Printed the number of pages as well as a data of page 5

In [8]:
print(len(all_docs))
print(all_docs[4])

1069
page_content='Table of Contents
Content Creators
We serve authors and independent publishers with Kindle Direct Publishing, an online service that lets independent authors and
publishers choose a royalty option and make their books available in the Kindle Store, along with Amazon’s own publishing arm,
Amazon Publishing. We also offer programs that allow authors, musicians, filmmakers, skill and app developers, and others to publish
and sell content.
Competition
Our businesses encompass a large variety of product types, service offerings, and delivery channels. The worldwide marketplace
in which we compete is evolving rapidly and intensely competitive, and we face a broad array of competitors from many different
industry sectors around the world. Our current and potential competitors include: (1) physical, e-commerce, and omnichannel retailers,
publishers, vendors, distributors, manufacturers, and producers of the products we offer and sell to consumers and businesses;
(2) publishe

Created blocks of size 1000 characters with an overlap of 200 characters

In [9]:
splitter = RecursiveCharacterTextSplitter(
    chunk_size=1000,
    chunk_overlap=200
)

chunks = splitter.split_documents(all_docs)
print("Total chunks:", len(chunks))

Total chunks: 4249


Using the text embedding by OpenAI
Built a vector database using the ChromeDB library choosed this as it is open source and organizes data by similarity and then stored it inside the directory "sec10k_db"

In [10]:
embeddings = OpenAIEmbeddings(model="text-embedding-3-small")

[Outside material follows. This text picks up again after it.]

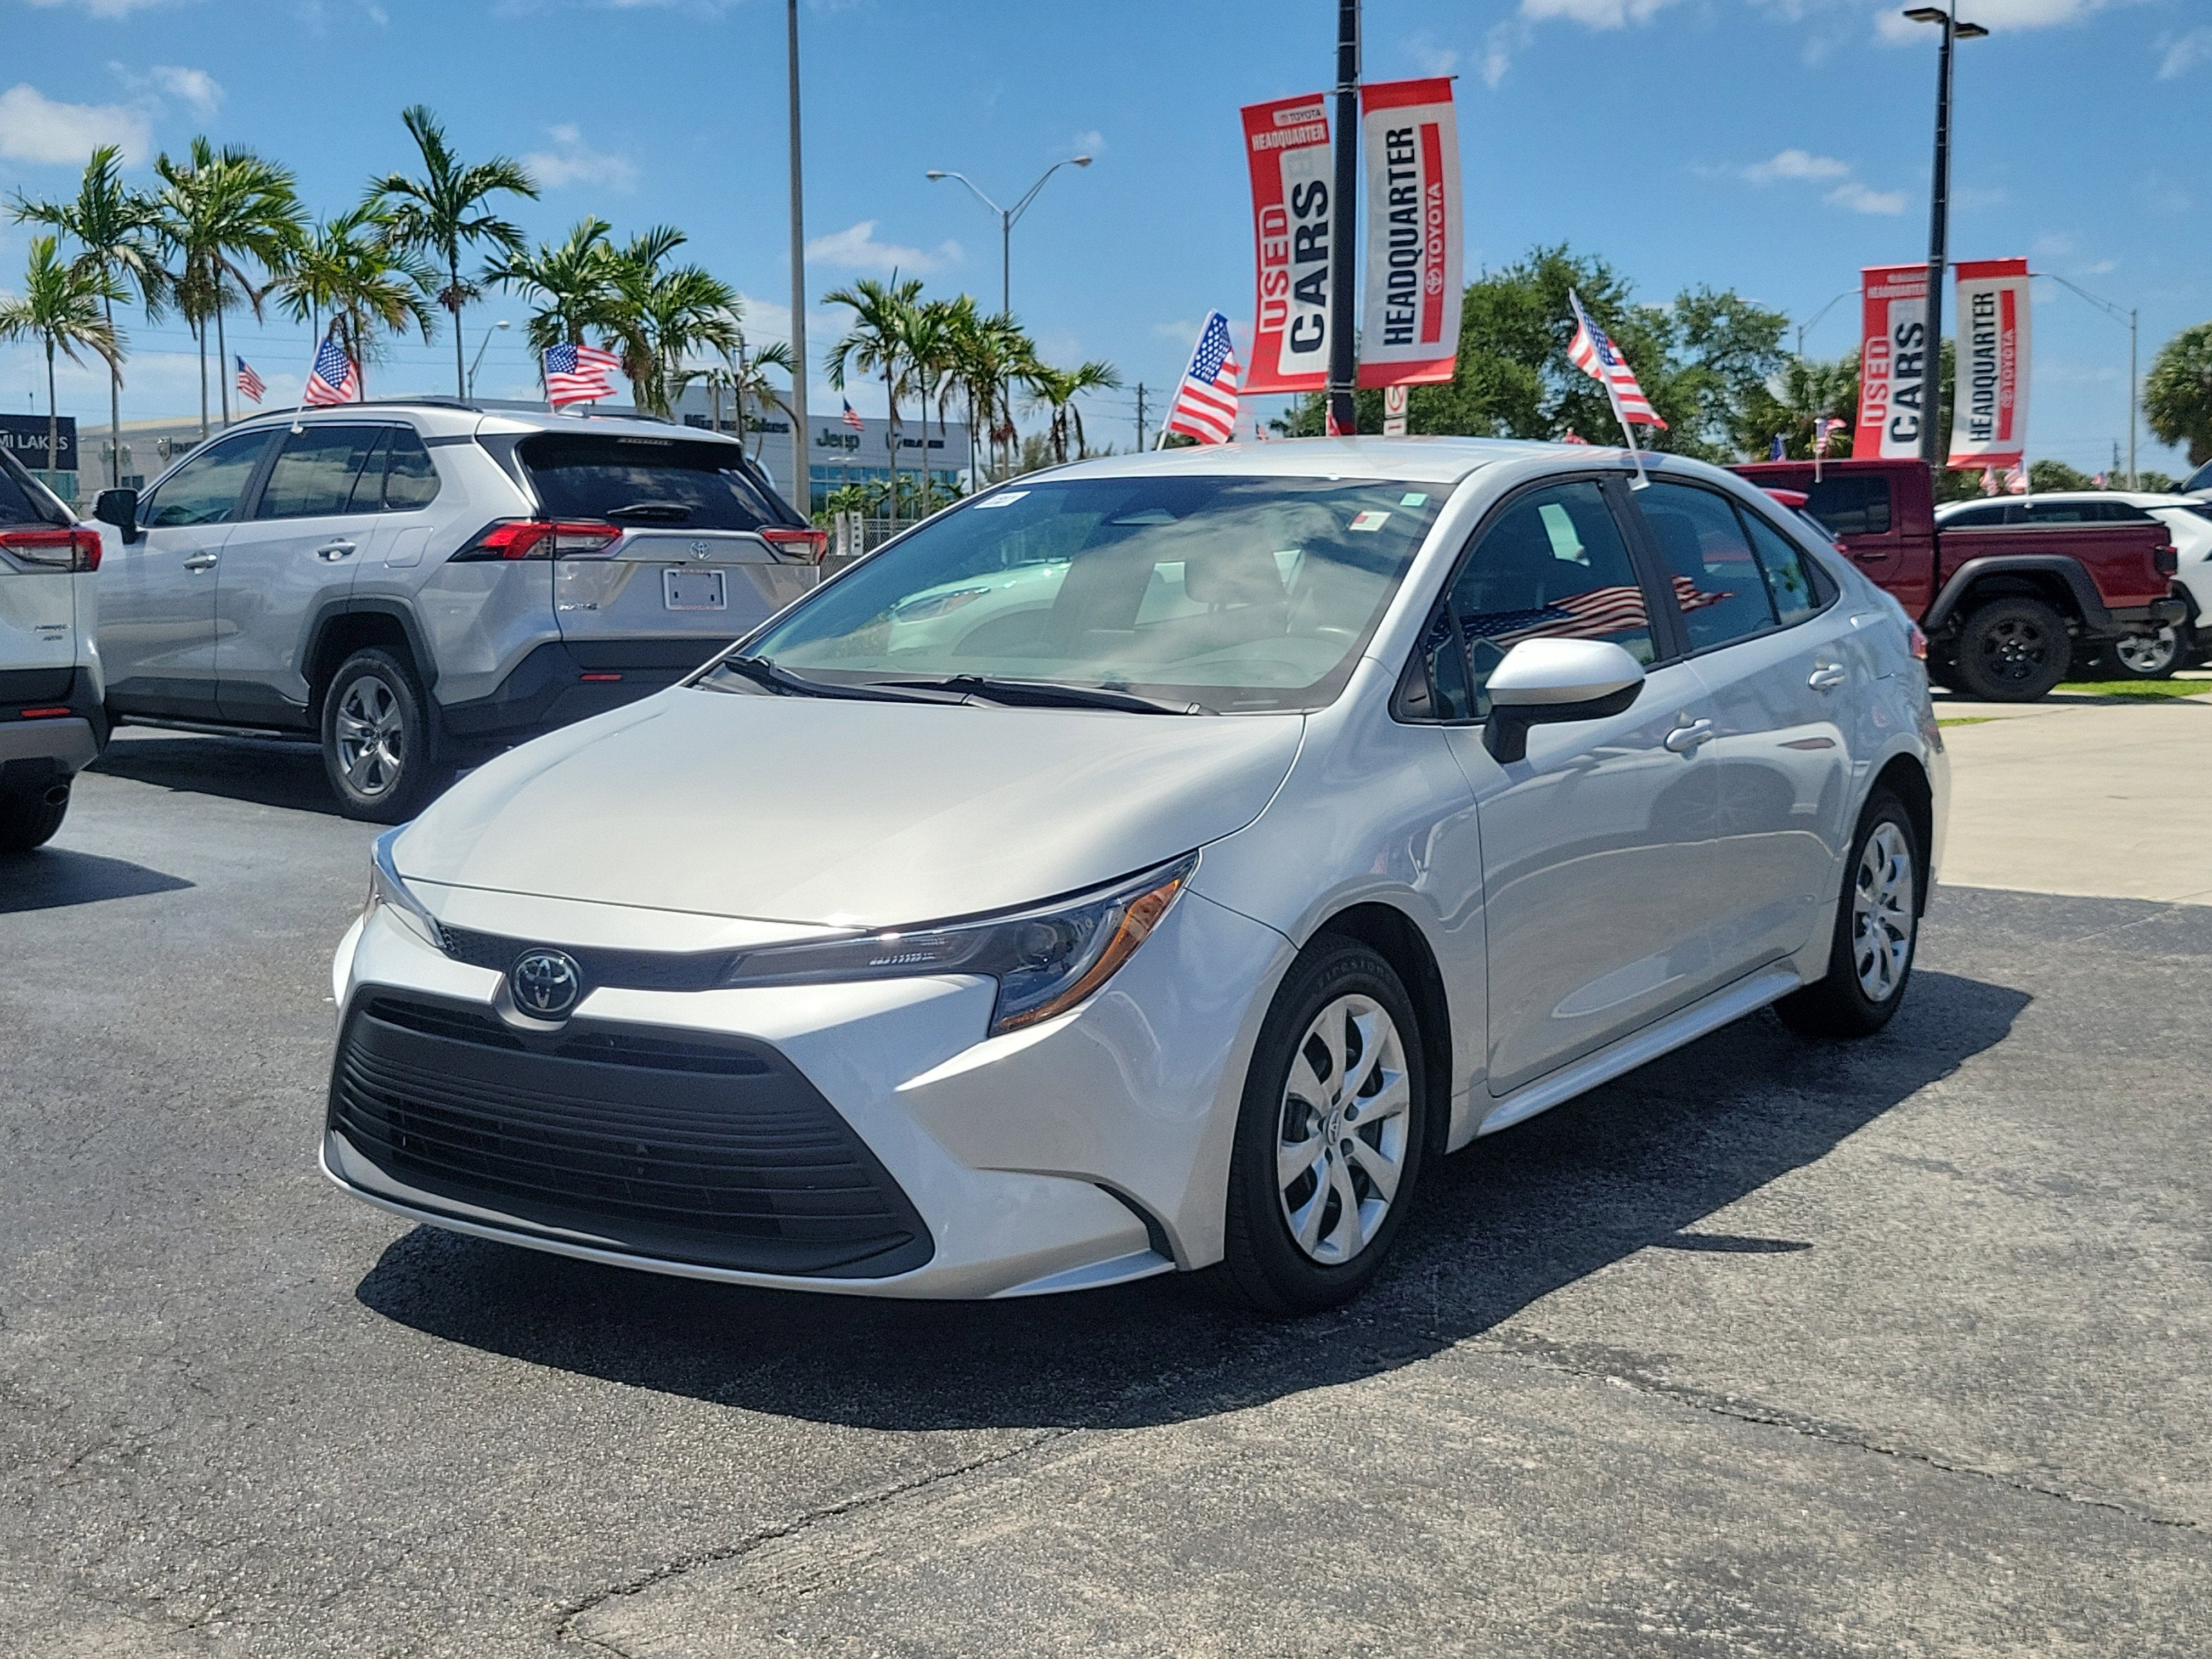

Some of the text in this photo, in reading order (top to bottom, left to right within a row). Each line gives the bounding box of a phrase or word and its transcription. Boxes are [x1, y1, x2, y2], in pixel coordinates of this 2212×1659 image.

vectorstore = Chroma.from_documents(
    documents=chunks,
    embedding=embeddings,
    persist_directory="./sec10k_db"
)

vectorstore.persist()

  vectorstore.persist()


It has the core logic of this problem
It find the top 5 relevant chunks based on the comapny name and the year

In [11]:
def get_retriever(company, year):
    return vectorstore.as_retriever(
        search_kwargs={
            "k": 5,
            "filter": {
                "$and": [
                    {"company": {"$eq": company}},
                    {"year": {"$eq": year}}
                ]
            }
        }
    )


Here I:
* Define the default OpenAI model to be used
* Created the prompt
* Created the RAG pipeline

In [12]:
llm = ChatOpenAI()

prompt = ChatPromptTemplate.from_template("""
Answer the question using only the context given below.
Also mention company, fiscal year and page number.
Context is:
{context}

Question is:
{question}
""")

def ask_10k(company, year, question):
    retriever = get_retriever(company, year)

    rag_chain = (
        {"context": retriever, "question": RunnablePassthrough()} | prompt | llm | StrOutputParser()
    )

    return rag_chain.invoke(question)

It helps in extracting the company and the year from the query

In [41]:
def extract_company_and_year(query):
    query_lower = query.lower()

    companies = {
        "amazon": "AMZN",
        "amzn": "AMZN",
        "uber": "UBER"
    }

    company = None
    for name, ticker in companies.items():
        if name in query_lower:
            company = ticker
            break

    year = None
    for token in query_lower.split():
        if token.isdigit() and len(token) == 4:
            if 2010 <= int(token) <= 2030:
                year = token
                break

    return [company, year, query]

Running the queries and printing the results

In [14]:
query = "Extract the total liabilities reported in Uber's 2020 10-K form."
vals = extract_company_and_year(query)
company = vals[0]
year = vals[1]
query = vals[2]
print(ask_10k(company, year, query), "\n")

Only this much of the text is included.